Dengan muka pucat Insan menunggu di depan ruang aku diperiksa bersama ibu dan ayahku. Saat dokter keluar dari ruangan, mereka terburu-buru menanyakan kabarku. Dokterpun terlihat lemas dan berkata “Badannya tak menerima semua obat-obatan kemoterapi yang telah kita lakukan.” Penuh rasa cemas Insan memasuki ruangan dan menghampiri tempatku berbaring. “Kenapa nggak bilang sih kalo gak kuat makan sup itu? Kenapa? Kan jadi kambuh gini…..” Berbagai pertanyaan dan pernyataan keluar dari mulutnya, aku hanya tersenyum dan menjawab “Aku tak ingin kau kecewa atas sup yang telah kau buat untukku, sup buatan mu sangat enak terima kasih yaa.” Insan pun menggelengkan kepalanya dan mengelus kepalaku “Lain kali akan ku buat sup yang tidak membuat mual seperti ini, aku janji…” Aku pun kembali tersenyum. Dan setelah itu aku pun tertidur pulas.

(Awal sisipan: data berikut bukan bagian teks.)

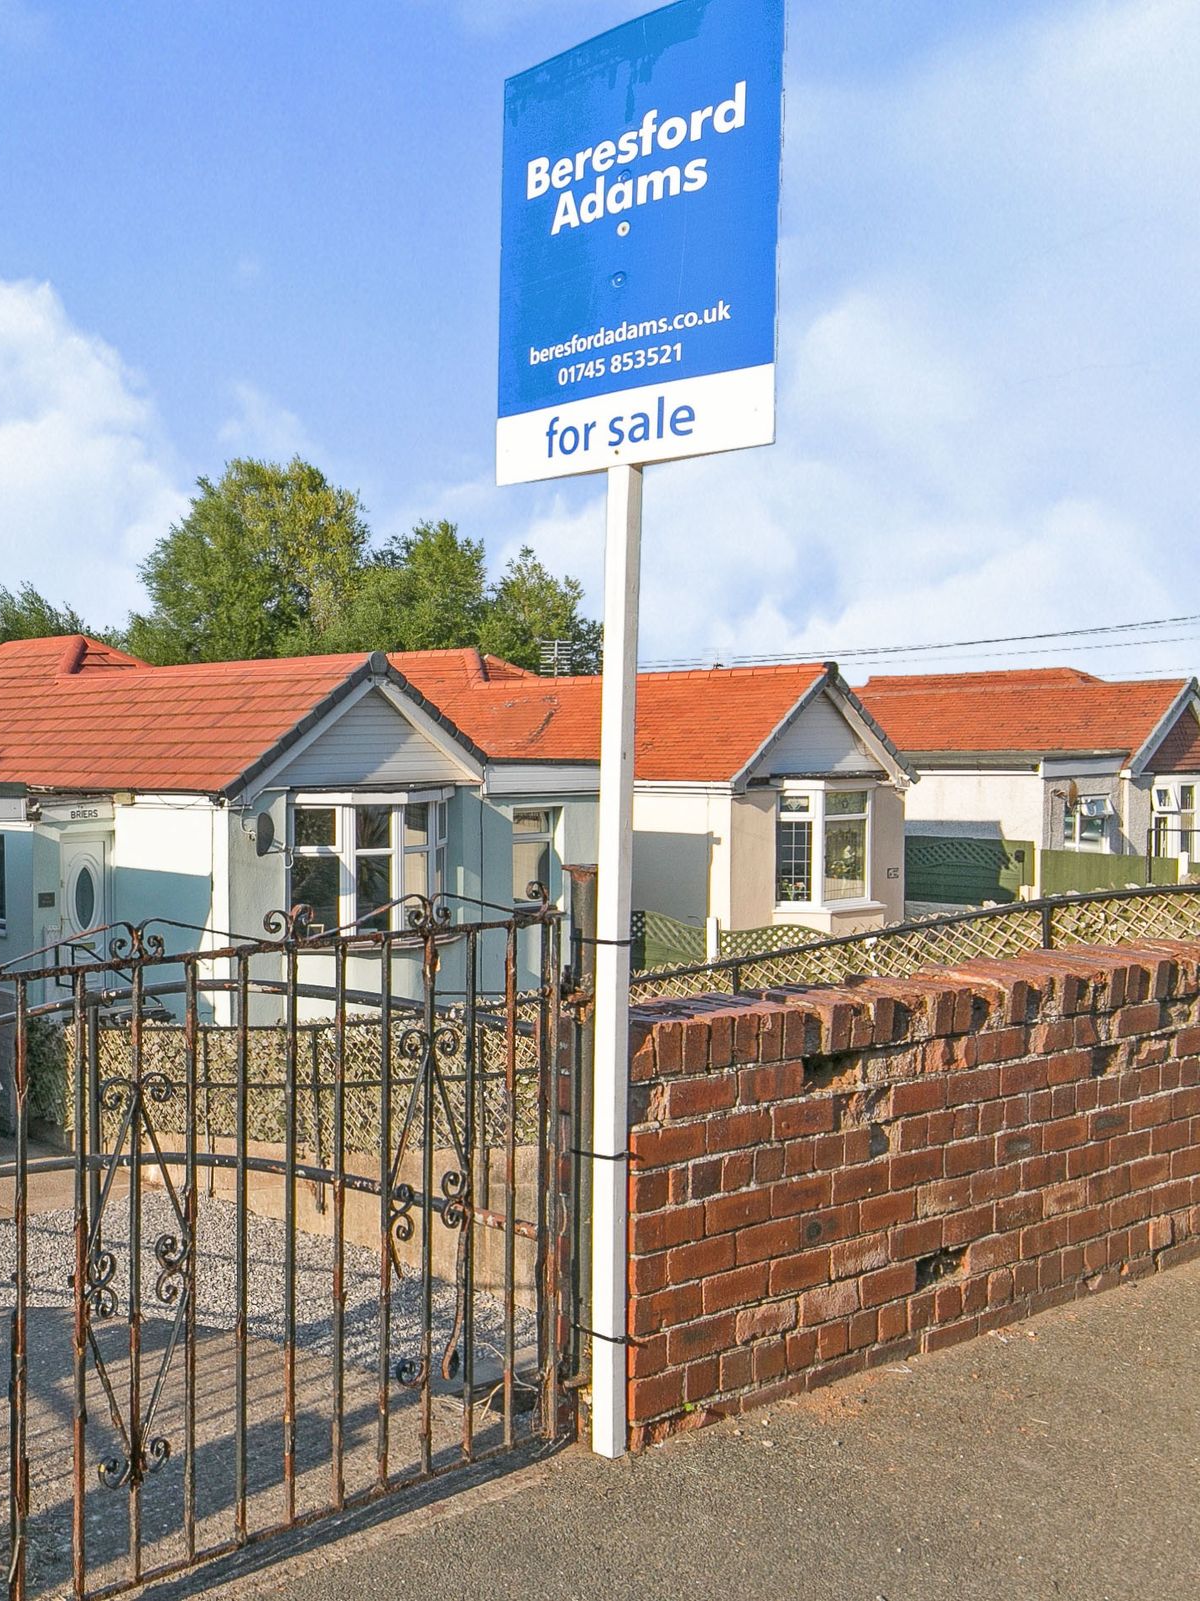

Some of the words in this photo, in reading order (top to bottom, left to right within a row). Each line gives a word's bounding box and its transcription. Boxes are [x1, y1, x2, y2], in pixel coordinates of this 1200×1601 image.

[526, 80, 747, 200] Beresford
[551, 158, 708, 236] Adams
[529, 300, 731, 366] beresfordadams.co.uk
[558, 358, 605, 386] 01745
[610, 342, 682, 374] 853521
[546, 416, 596, 458] for
[608, 396, 696, 447] sale
[70, 809, 99, 819] BRIERS

Ayahku pulang untuk menjaga adikku dirumah, ibuku menungguku di sofa yang terletak disudut ruanganku terbaring. Dan Insan pun tak lepas dari kursinya untuk terus menjagaku tanpa mempedulikan bahwa besok ia harus sekolah.
Pagi hari, saat Insan terbangun dari tidurnya. Dia membangunkan ku untuk sarapan dan minum obat. Tetapi aku tak terbangun, aku tetap terjaga dalam lelapku. Dengan penuh cemas ia membangunkan ibu dan memanggil dokter. Tiba-tiba aku terbangun dan seperti tidak ada apa-apa, aku memanggil Insan dan berkata “Jaga dirimu, jaga ibu dan ayahku, jaga kiting (adikku), aku percayakan semua padamu ya J.” Dengan senyum Insan menjawab “aku akan menjaga mereka semua, termasuk dirimu. Kamu harus kuat.” Dan aku pun kembali tidak sadarkan diri, dan mungkin saat itulah saat terakhir Insan bertemu denganku. Insan pun menangis lemas tidak percaya akan kenyataan bahwa perempuan yang selama ini ia jaga dengan penuh kasih telah tiada.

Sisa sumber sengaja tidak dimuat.